- [THE RECORDS]:
========================================

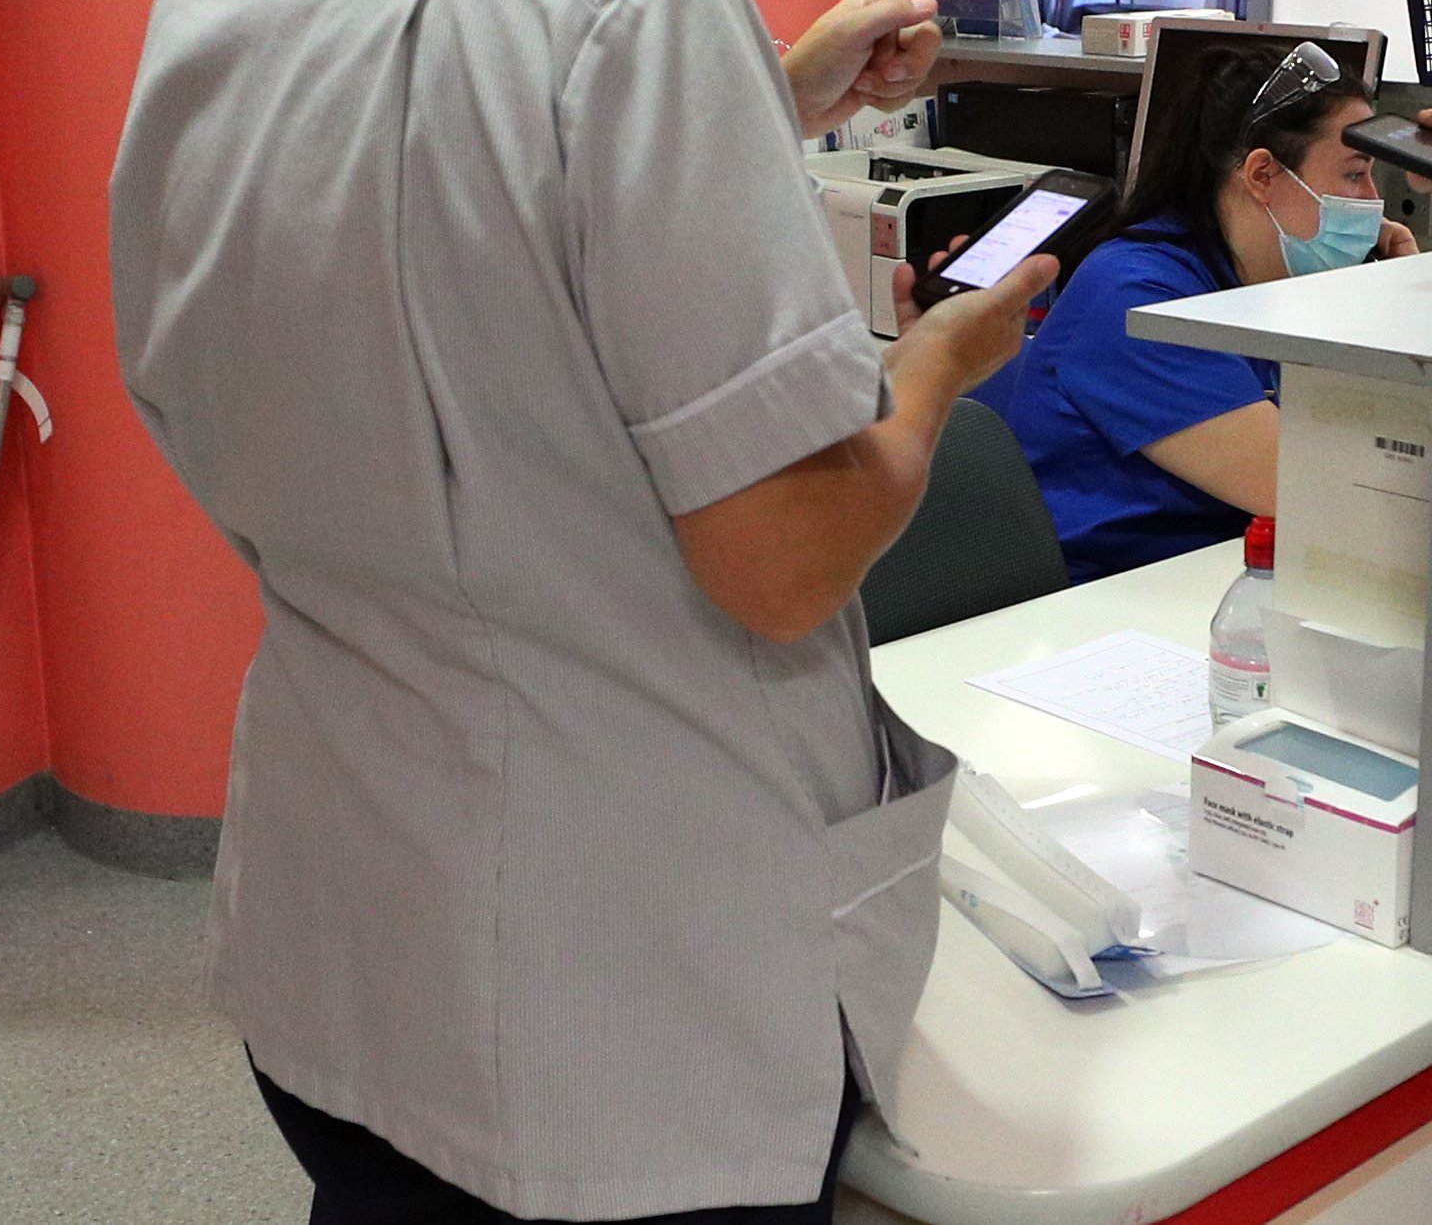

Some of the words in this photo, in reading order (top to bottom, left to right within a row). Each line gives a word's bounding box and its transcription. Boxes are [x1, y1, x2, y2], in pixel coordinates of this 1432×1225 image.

[1204, 795, 1218, 809] Face
[1219, 804, 1236, 815] mask
[1237, 811, 1252, 821] with
[1253, 816, 1275, 830] elastic
[1276, 825, 1294, 839] strap
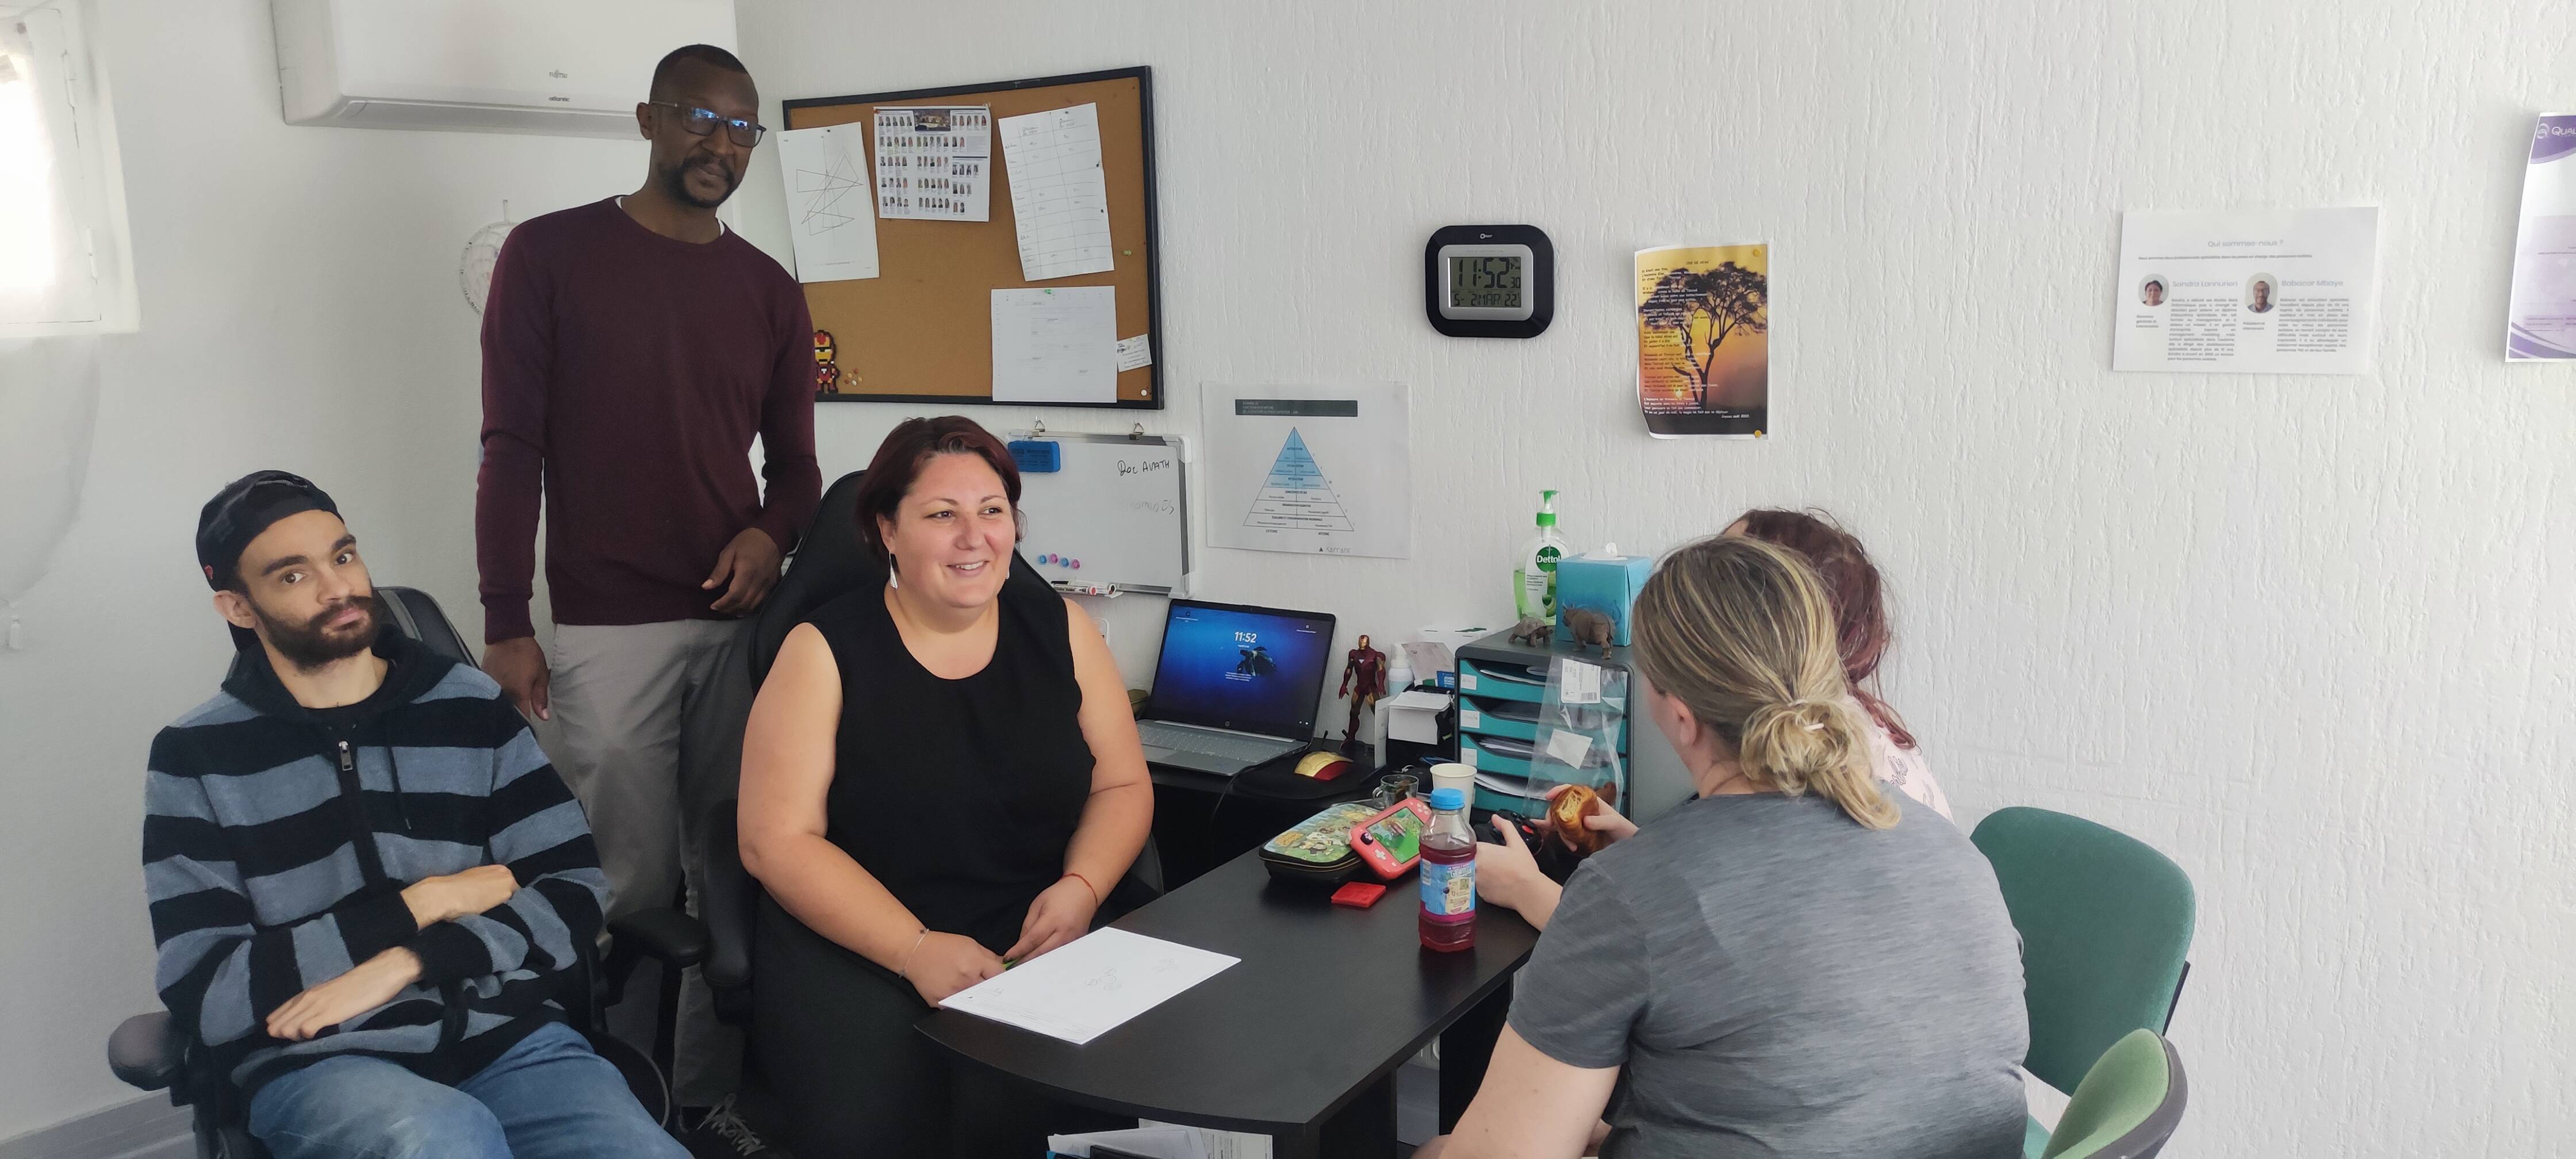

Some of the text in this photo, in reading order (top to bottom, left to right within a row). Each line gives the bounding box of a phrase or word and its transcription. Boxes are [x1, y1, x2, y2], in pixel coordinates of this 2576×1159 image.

========================================

- [AIM OF THE TASK]:
Without the pictures, write out all of the material exactly.

- [ANSWER SPACE]:
Some of the words in this photo, in reading order (top to bottom, left to right within a row). Each line gives a word's bounding box and its transcription. Boxes are [x1, y1, x2, y2], in pixel coordinates of this 1432×1225 image.

[1204, 795, 1218, 809] Face
[1219, 804, 1236, 815] mask
[1237, 811, 1252, 821] with
[1253, 816, 1275, 830] elastic
[1276, 825, 1294, 839] strap

Some of the text in this photo, in reading order (top to bottom, left to right within a row). Each line gives the bounding box of a phrase or word and its transcription. Boxes are [x1, y1, x2, y2], in pixel coordinates of this 2576×1159 image.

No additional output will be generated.